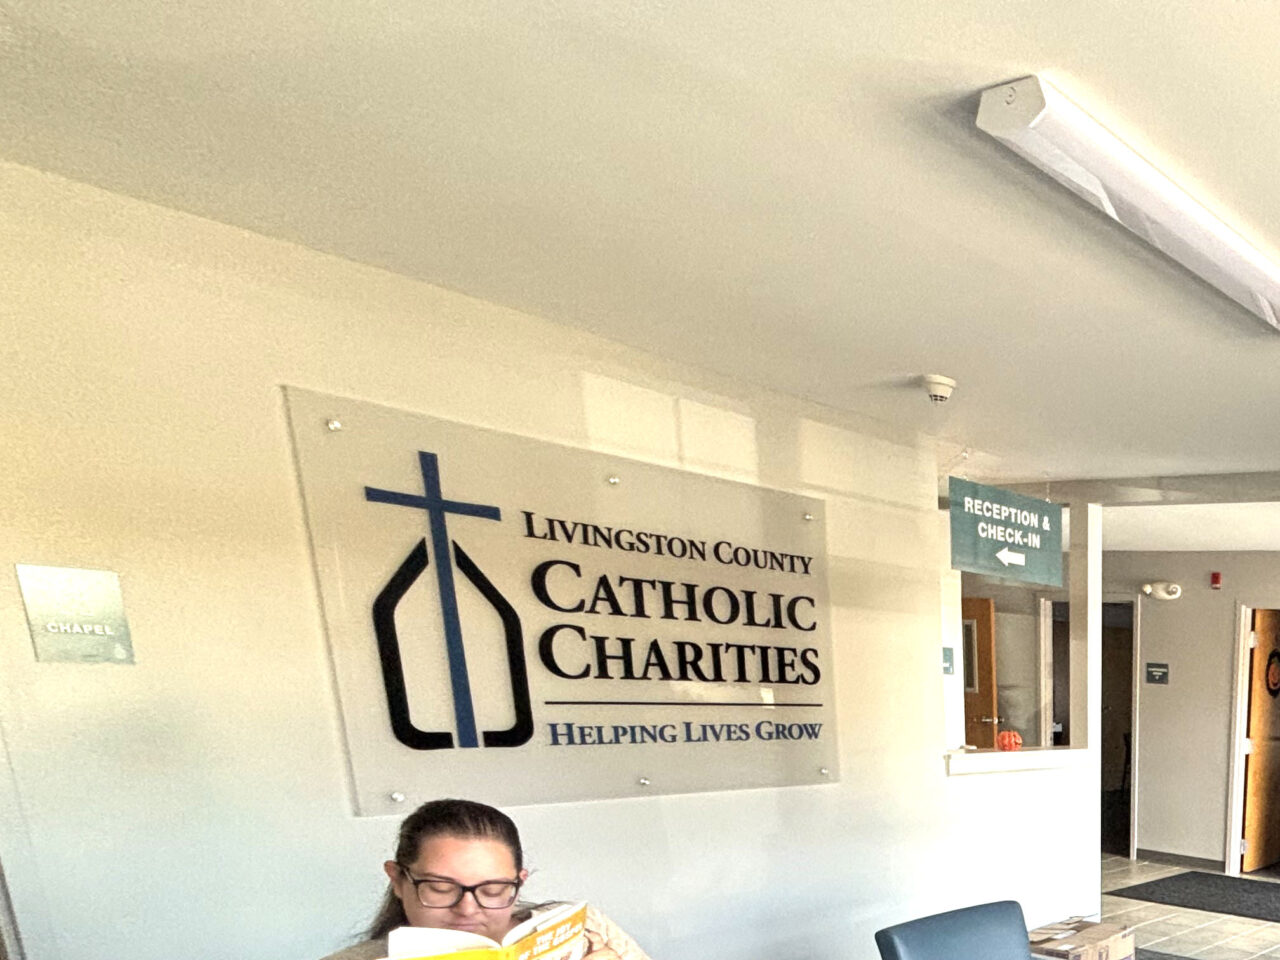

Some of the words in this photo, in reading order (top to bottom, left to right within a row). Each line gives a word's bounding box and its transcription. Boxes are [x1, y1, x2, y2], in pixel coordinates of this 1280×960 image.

[964, 497, 1039, 528] RECEPTION
[1042, 516, 1051, 531] &
[520, 510, 707, 561] LIVINGSTON
[713, 541, 812, 575] COUNTY
[977, 522, 1041, 549] CHECK-IN
[530, 559, 818, 632] CATHOLIC
[46, 622, 115, 635] CHAPEL
[538, 623, 822, 686] CHARITIES
[547, 722, 677, 746] HELPING
[682, 721, 751, 743] LIVES
[755, 720, 823, 741] GROW

• **EXERCISE DETAILS**
Repeat everything in the entries above word for word, excluding the images.

• **RESULT OF THE TASK**
Some of the words in this photo, in reading order (top to bottom, left to right within a row). Each line gives a word's bounding box and its transcription. Boxes are [x1, y1, x2, y2], in pixel coordinates of this 1280×960 image.

[964, 497, 1039, 528] RECEPTION
[1042, 516, 1051, 531] &
[520, 510, 707, 561] LIVINGSTON
[713, 541, 812, 575] COUNTY
[977, 522, 1041, 549] CHECK-IN
[530, 559, 818, 632] CATHOLIC
[46, 622, 115, 635] CHAPEL
[538, 623, 822, 686] CHARITIES
[547, 722, 677, 746] HELPING
[682, 721, 751, 743] LIVES
[755, 720, 823, 741] GROW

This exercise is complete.